Chinese activist and writer

Jennifer Zeng (born October 19, 1966) is a Chinese-born author, best known for her practice of Falun Gong, the subsequent government suppression of the movement, and the book she wrote about her experience regarding Falun Gong: Witnessing History: One Chinese Woman's Fight for Freedom and Falun Gong. Zeng is a TV host for New Tang Dynasty Television and a contributor to The Epoch Times.

==Falun Gong==
She became a practitioner of Falun Gong in 1997. Later, when the government of the People's Republic of China began to arrest people involved with the group, she was among them. She was in fact arrested four times, and sent to a labor camp, the Beijing Municipal Women's Re-Education-Through-Labor Camp. Zeng relates that at the camp she was physically and mentally abused, subject to attempted brainwashing and even faced electroshock torture.

==Asylum and activism==
In 2001, she fled to Australia. Her daughter later followed her there for her own safety. Since arriving in Australia, she has spoken out about the Australian government's lack of protection of practitioners there, alleging that the government does not wish to insult or anger mainland China. A specific instance which she recounted to the Australian Broadcasting Corporation involves how an official of the mainland Chinese government once walked out of the Chinese embassy in Canberra and slapped a female Falun Gong practitioner on the face. The women responded that, in Australia, she had the right to be there and to continue practicing Falun Gong. The official responded saying that he was a Chinese diplomat. As such, no one particularly cared what he did, because Australia could not do much to him.

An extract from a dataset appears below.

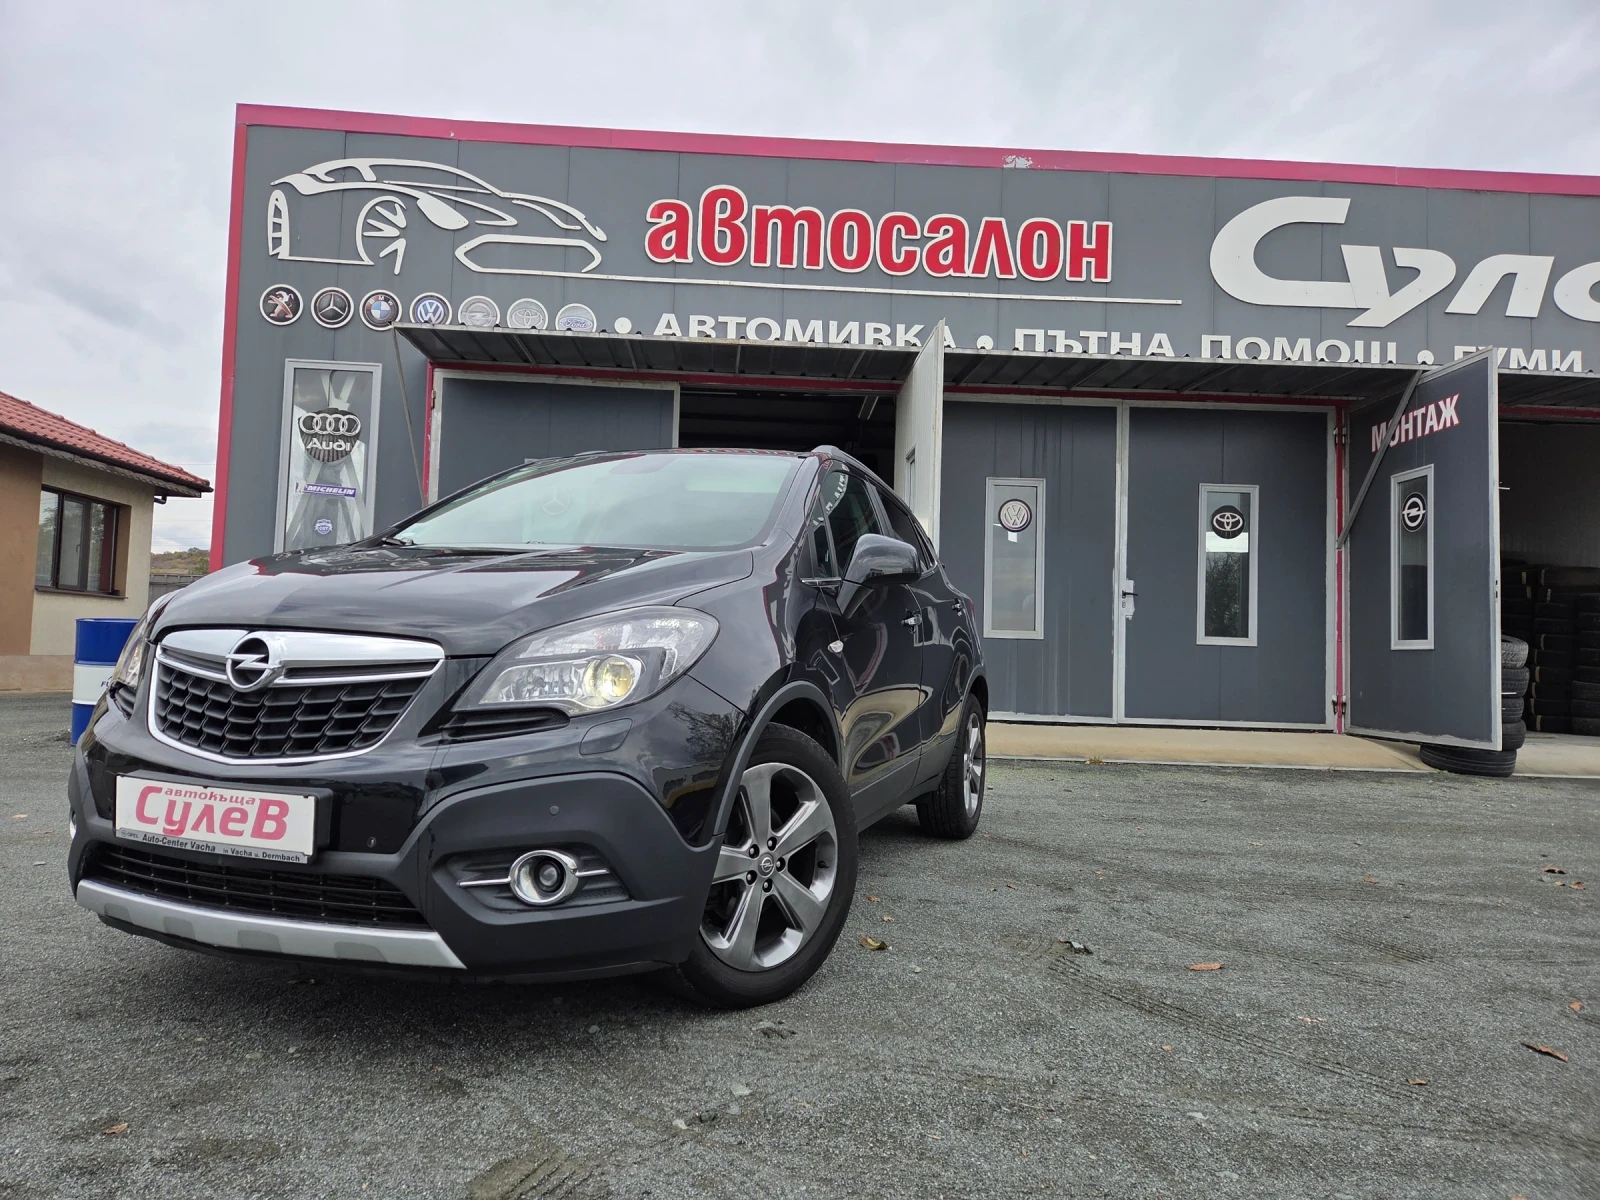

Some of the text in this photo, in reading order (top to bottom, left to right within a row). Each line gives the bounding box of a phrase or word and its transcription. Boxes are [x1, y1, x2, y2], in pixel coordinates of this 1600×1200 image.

She published her book Witnessing History in 2005. The book describes the difficulties she has faced in practicing Falun Gong in mainland China, and even since she left mainland China. The book has been described by a reviewer in the Midwest Book Review as "a necessarily harsh assault on a nation that does not respect human rights", and by June Sawyers in Booklist as "an often harrowing, powerful reminder of what can happen when government power runs unchecked".

She currently lives in the US, where she has resided since 2011.

Zeng is a TV host for the New Tang Dynasty Television and a contributor to The Epoch Times, which are both affiliated with Falun Gong. According to MIT Technology Review, Zeng "has a track record of spreading rumors and misattributed videos".